Exercise data >>
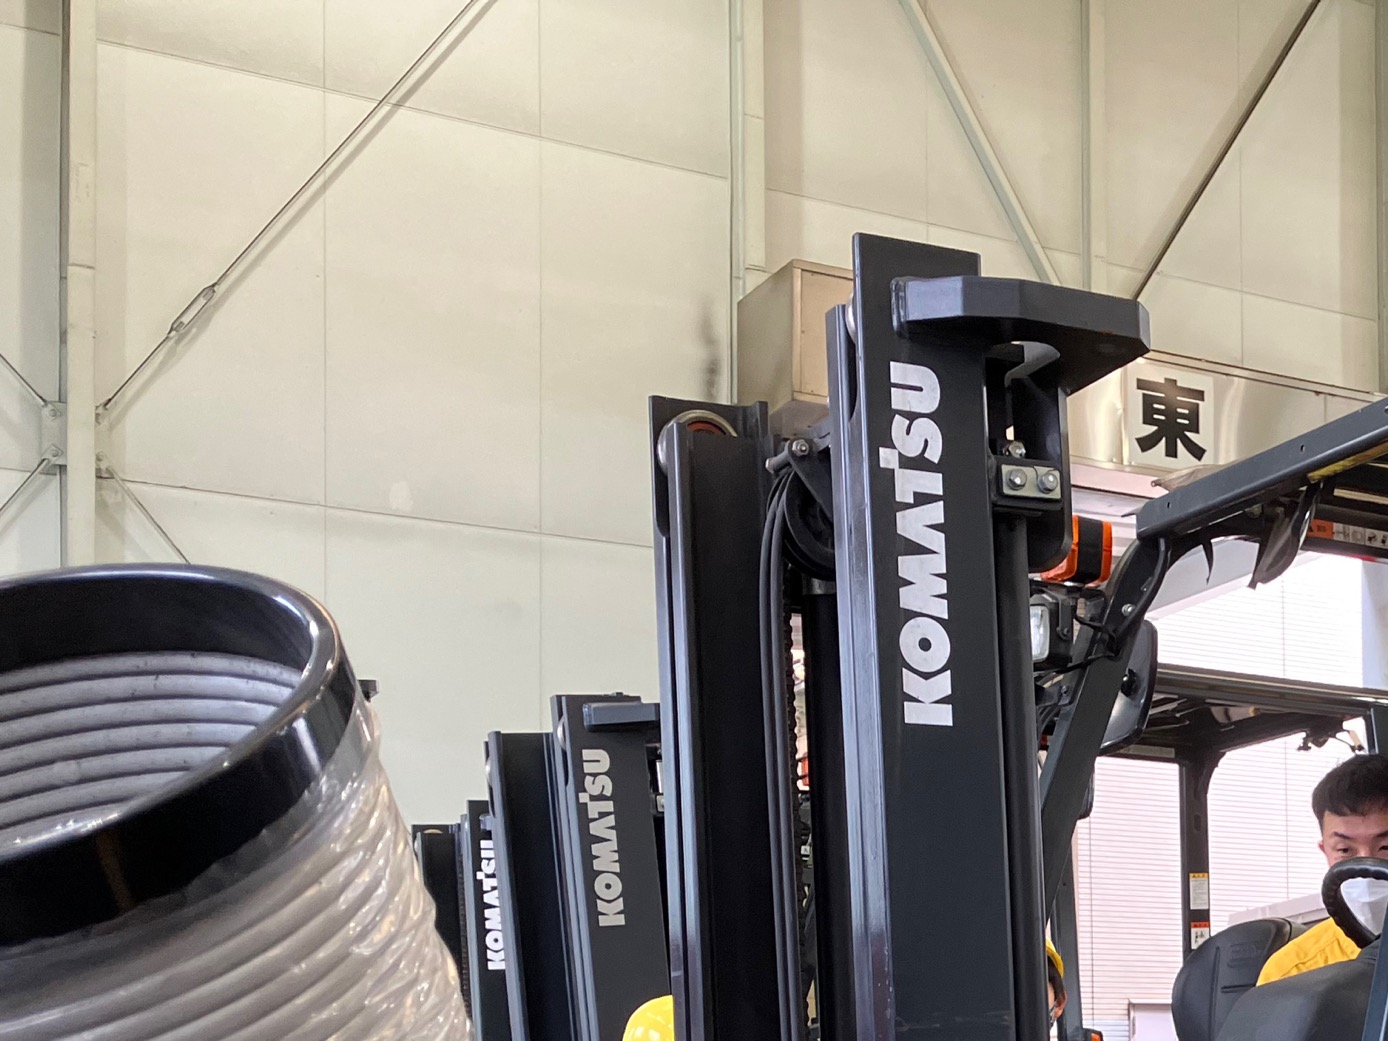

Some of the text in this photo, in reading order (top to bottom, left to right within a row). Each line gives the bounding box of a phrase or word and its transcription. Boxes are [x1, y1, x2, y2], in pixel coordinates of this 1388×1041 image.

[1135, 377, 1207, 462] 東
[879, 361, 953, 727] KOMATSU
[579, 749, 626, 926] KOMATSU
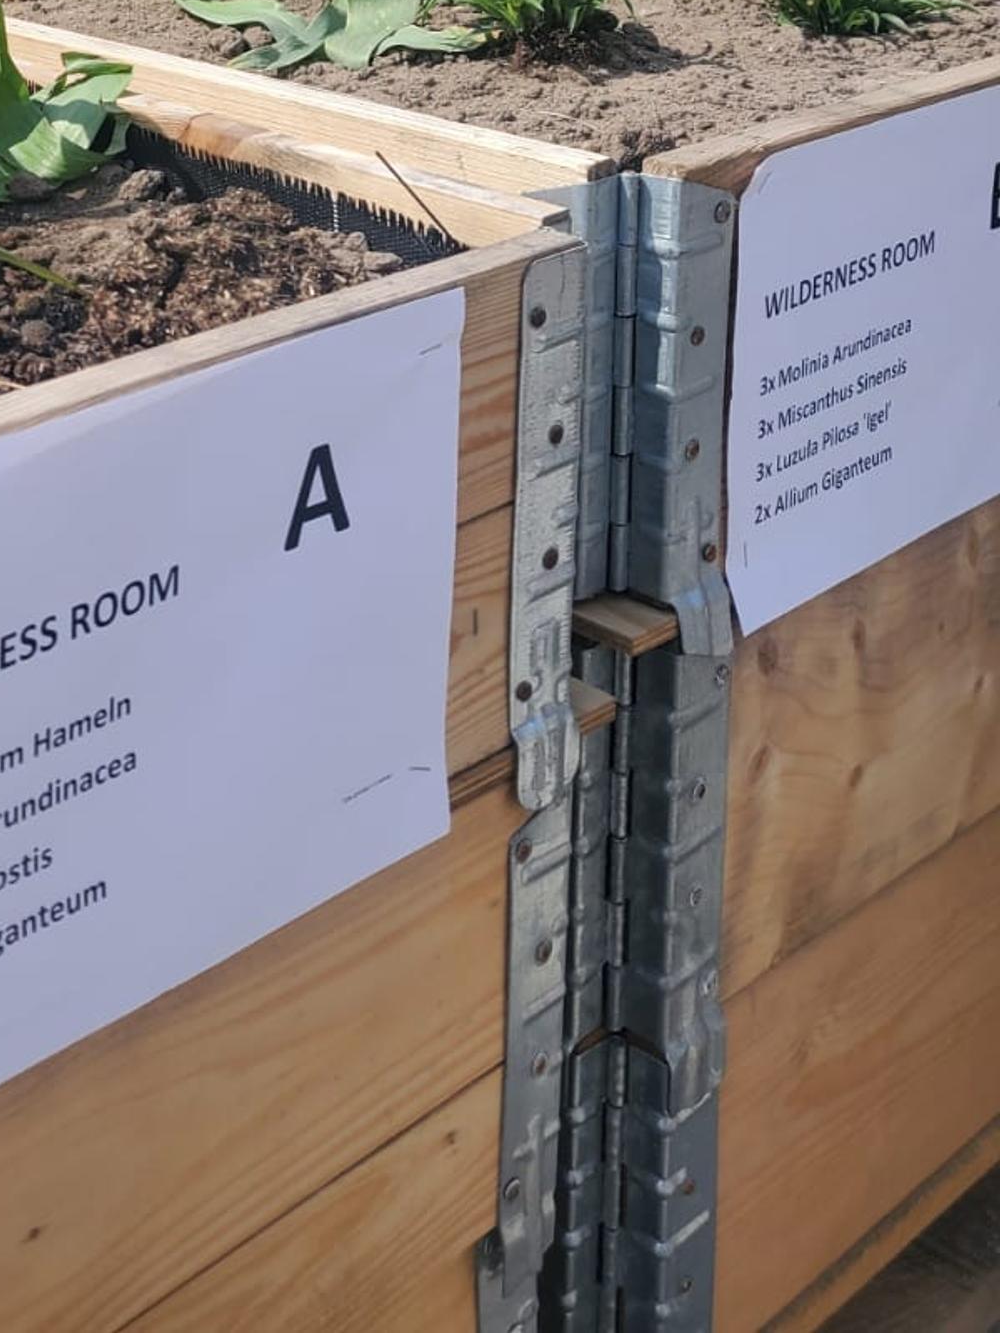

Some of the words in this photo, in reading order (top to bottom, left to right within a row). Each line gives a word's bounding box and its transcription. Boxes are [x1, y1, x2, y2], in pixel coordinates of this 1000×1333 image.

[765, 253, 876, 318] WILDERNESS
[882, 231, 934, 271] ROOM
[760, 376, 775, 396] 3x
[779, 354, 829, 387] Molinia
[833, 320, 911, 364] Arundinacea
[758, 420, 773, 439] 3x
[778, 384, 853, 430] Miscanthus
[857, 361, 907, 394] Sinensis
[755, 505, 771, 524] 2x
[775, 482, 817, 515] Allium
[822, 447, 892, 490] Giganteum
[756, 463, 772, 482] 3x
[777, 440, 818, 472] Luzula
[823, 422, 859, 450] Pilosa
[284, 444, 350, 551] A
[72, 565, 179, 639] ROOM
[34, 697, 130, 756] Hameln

Work instruction >>
The whole listing above should be restated word for word, minus any images.

Answer box >>
Some of the text in this photo, in reading order (top to bottom, left to right within a row). Each line gives the bounding box of a phrase or word and its transcription. Boxes are [x1, y1, x2, y2], in pixel coordinates of this 1388×1041 image.

[1135, 377, 1207, 462] 東
[879, 361, 953, 727] KOMATSU
[579, 749, 626, 926] KOMATSU

Some of the words in this photo, in reading order (top to bottom, left to right within a row). Each line gives a word's bounding box and its transcription. Boxes are [x1, y1, x2, y2], in pixel coordinates of this 1000×1333 image.

[765, 253, 876, 318] WILDERNESS
[882, 231, 934, 271] ROOM
[760, 376, 775, 396] 3x
[779, 354, 829, 387] Molinia
[833, 320, 911, 364] Arundinacea
[758, 420, 773, 439] 3x
[778, 384, 853, 430] Miscanthus
[857, 361, 907, 394] Sinensis
[755, 505, 771, 524] 2x
[775, 482, 817, 515] Allium
[822, 447, 892, 490] Giganteum
[756, 463, 772, 482] 3x
[777, 440, 818, 472] Luzula
[823, 422, 859, 450] Pilosa
[284, 444, 350, 551] A
[72, 565, 179, 639] ROOM
[34, 697, 130, 756] Hameln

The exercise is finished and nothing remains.